Objective: To determine whether a recently available contrast-enhanced ultrasound (CEUS) technique using second-generation microbubbles allows for the detection of active sacroiliitis, and to measure CEUS enhancement depth at the dorsocaudal part of the sacroiliac (SI) joints in healthy volunteers compared with patients with sacroiliitis.
Methods: Forty-two consecutive patients (84 SI joints) presenting with a clinical diagnosis of sacroiliitis in 50 SI joints and 21 controls (42 SI joints) were investigated by CEUS using a standardized low mechanical index ultrasound protocol. Detected vascularity was used to retrospectively measure the enhancement depth in the dorsocaudal part of the SI joints.
Results: CEUS detected enhancement in all clinically active SI joints, showing an enhancement depth into the dorsal SI joint cleft of 18.5 mm (range 16-22.1), which was significantly higher compared with both inactive joints of patients (3.6 mm, range 0-12; P < 0.001) and healthy controls (3.1 mm, range 0-7.8; P < 0.001). All inactive joints were correctly classified based on a lack of deep enhancement in patients with sacroiliitis and controls (42 of 42, 100% sensitivity, 100% specificity; Cohen's kappa = 1).

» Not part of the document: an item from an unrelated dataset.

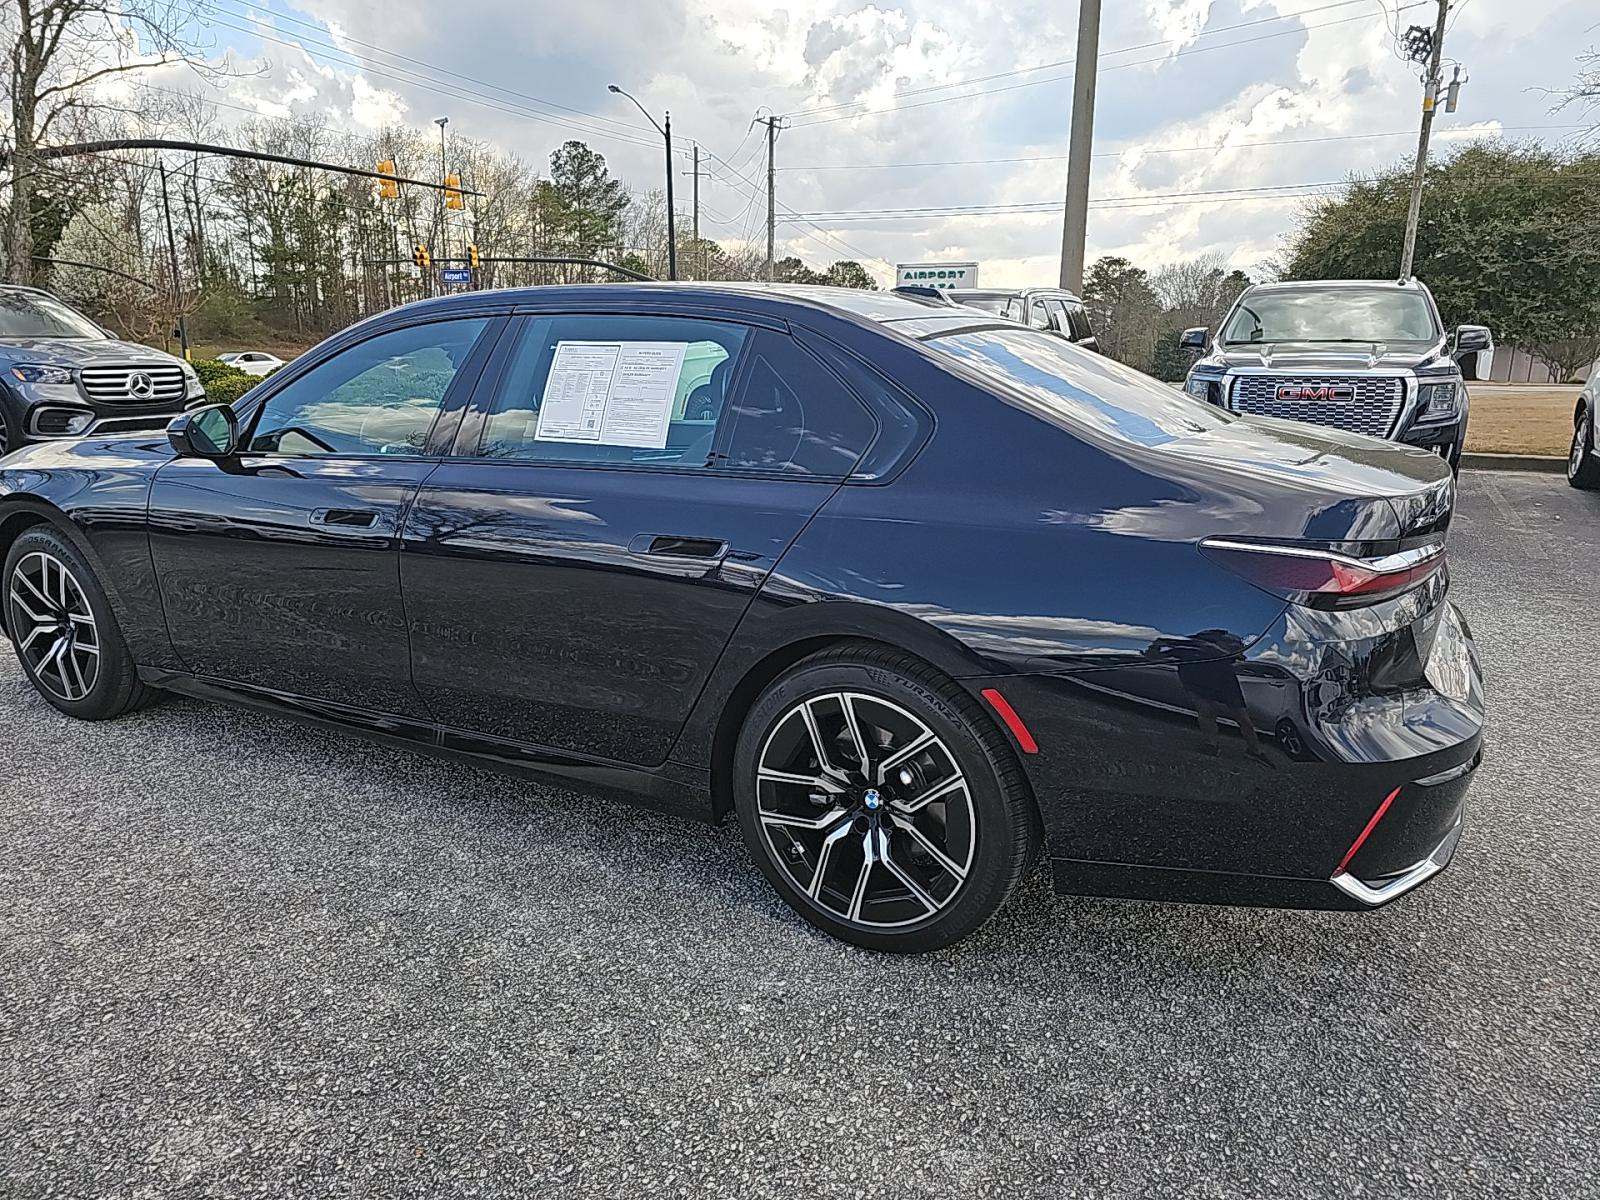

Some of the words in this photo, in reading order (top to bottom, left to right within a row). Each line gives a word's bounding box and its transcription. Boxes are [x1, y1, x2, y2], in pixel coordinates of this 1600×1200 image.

Conclusion: CEUS allowed the differentiation of active sacroiliitis from inactive SI joints, and proved to be a feasible method for the detection of vascularity in clinically active sacroiliitis by showing deep contrast enhancement into the SI joints not detectable in inactive joints of patients or controls. If this technique might add information to the earlier detection of sacroiliitis, it should be addressed in further studies.